Uma carta aberta a Gustavo Ribeiro

Boas salenas, cronópios!
Aqui está a tradução da carta aberta que o Chris Kearin (do excelente blog Dreamers Rise) enviou, falando sobre como Cortázar é visto nos Estados Unidos (leiam a original, em inglês, neste link). Desculpem a demora e aproveitem a leitura, que é bastante esclarecedora!



Uma carta aberta a Gustavo Ribeiro

Caro Gustavo,

Você me pediu algumas considerações sobre como Cortázar é visto nos EUA. Não sou acadêmico e não fiz nenhum esforço sistemático para me manter em dia com os estudos acadêmicos mais recente em inglês, então o que se segue será amplamente baseado em minha perspectiva pessoal como leitor e como livreiro (de uma maneira ou outra) nos últimos 35 anos.

Conheci o Cortázar por meio de traduções, em antologias de Literatura Latino-Americana, entre as quais existiam algumas muito boas no mercado na década de 1970. Não lembro ao certo, mas a primeira história que li pode ter sido “Axolotl” ou “Carta a una señorita en París” – qualquer uma delas suficiente para conquistar pela vida inteira. Em seguida, provavelmente peguei um exemplar de segunda mão de da edição em brochura de Blow-Up and Other Stories, compilação, feita por Paul Blackburn, de partes de Final del juego, Bestiario, e Las armas secretas, antes de partir para os romances. Conforme meu espanhol ficava melhor, pude reler as obras em suas formas originais e também me familiarizar com livros que ainda não tinham sido traduzidos.







A primeira edição de um livro completo de Cortázar em inglês foi a tradução de Los premios (The Winners em inglês) feita por Elaine Kerrigan, em 1965, uma tradução da qual eu não acredito que o autor tenha gostado muito. Desde então, ele tem sido, de maneira geral, afortunado com seus tradutores para o inglês; trabalhou junto tanto a [Paul] Blackburn como a Gregory Rabassa, e ficou muito satisfeito com os resultados.
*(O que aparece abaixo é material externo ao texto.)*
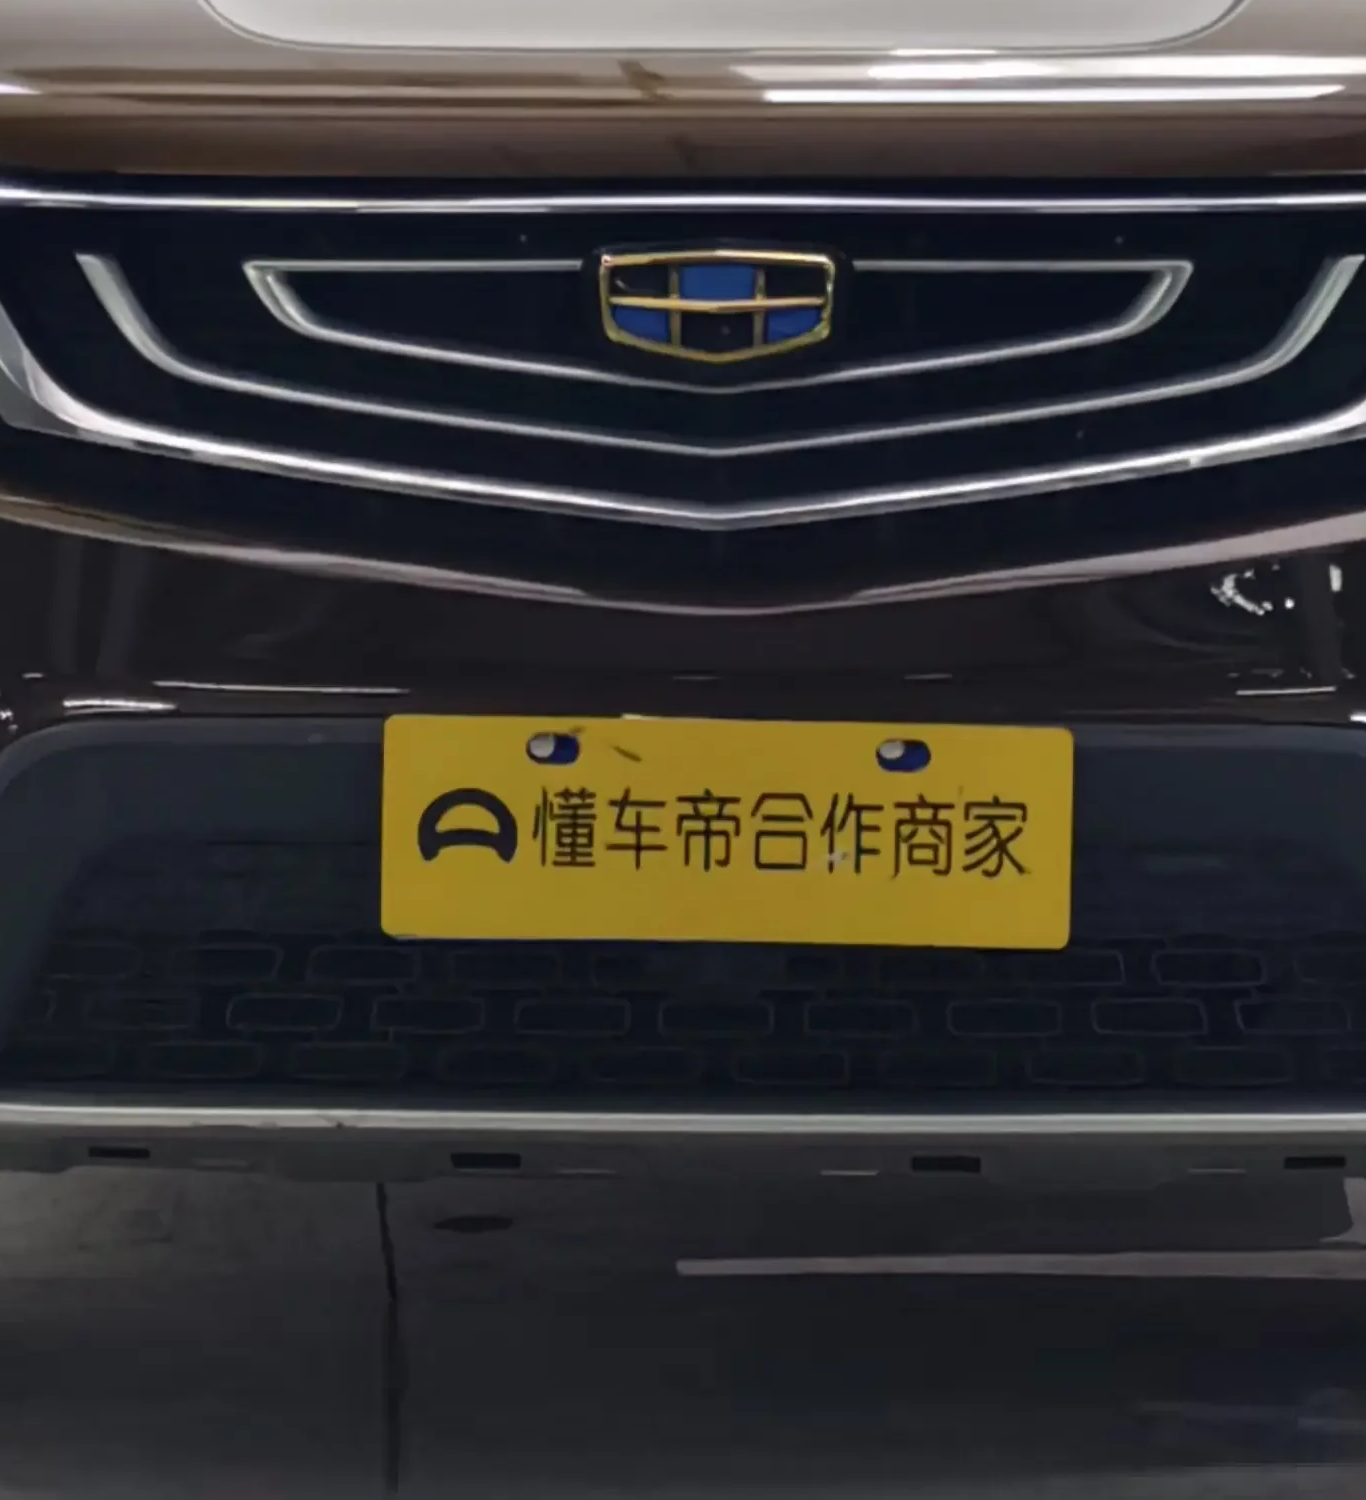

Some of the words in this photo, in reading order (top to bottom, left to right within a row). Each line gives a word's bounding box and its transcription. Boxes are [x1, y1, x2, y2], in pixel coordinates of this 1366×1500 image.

[533, 786, 1031, 879] 懂车帝合作商家
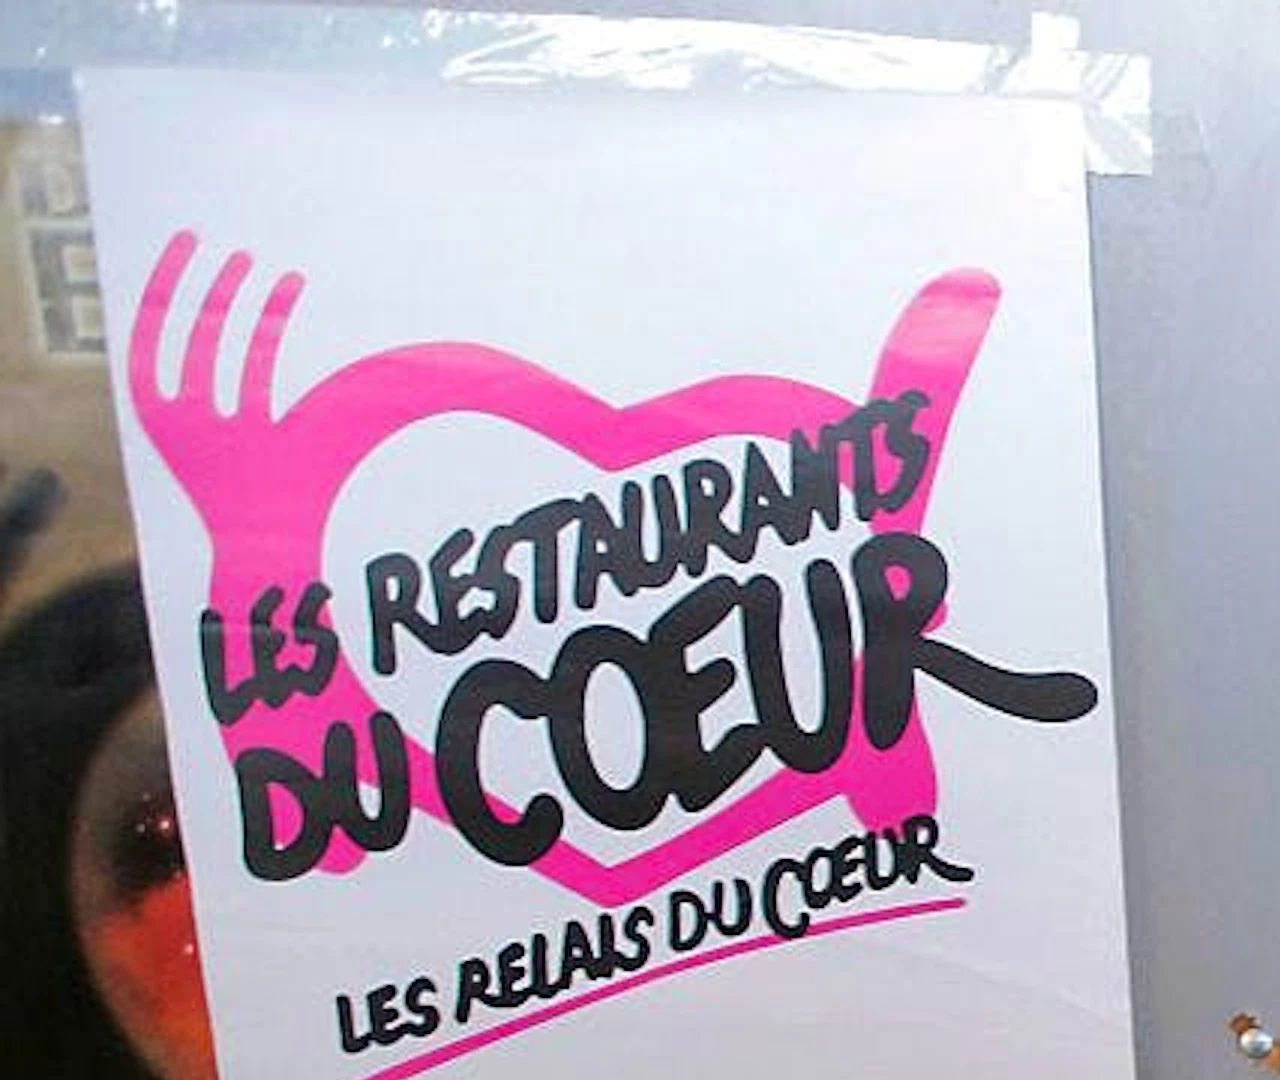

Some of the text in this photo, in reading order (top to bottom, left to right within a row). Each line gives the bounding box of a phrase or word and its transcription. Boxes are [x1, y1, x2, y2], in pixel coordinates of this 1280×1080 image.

Até a publicação de  Blow-Up (originalmente chamado The End of the Game and Other Stories) em 1967, Cortázar era conhecido no mundo anglófono unicamente como romancista, o que, claro, é uma inversão da maneira como sua carreira se desenvolveu de fato.

Em geral, as editoras americanas acompanharam a produção das obras mais relevantes de Cortázar durante os últimos períodos de sua vida. Seus livros eram editados em capa dura por grandes e prestigiosas companhias, e muitos apareceram em edições  em livro de bolso, particularmente no selo Bard da editora Avon. Desde sua morte, contudo,a situação tem sido variada. Hopscotch (Rayuela) e Blow-Up tem estado mais ou menos continuamente disponíveis, sem dúvida em parte por ser adotado como leitura em cursos universitários, mas Libro de Manuel (traduzido aqui como A Manual for Manual) e diversas outras obras importantes chegaram a sair de catálogo. Mais importante, edições de obras não traduzidas anteriormente ou obras póstumas tem sido lentas a chegar às lojas. Os grandes editores comerciais, até mesmo editoras respeitadas como Knopf and Farrar, Straus & Giroux, parecem não ter interesse Cortázar, mas, por sorte, essa brecha foi parcialmente preenchida por editoras independentes menores, como New Directions, City Lights, e Archipelago Books.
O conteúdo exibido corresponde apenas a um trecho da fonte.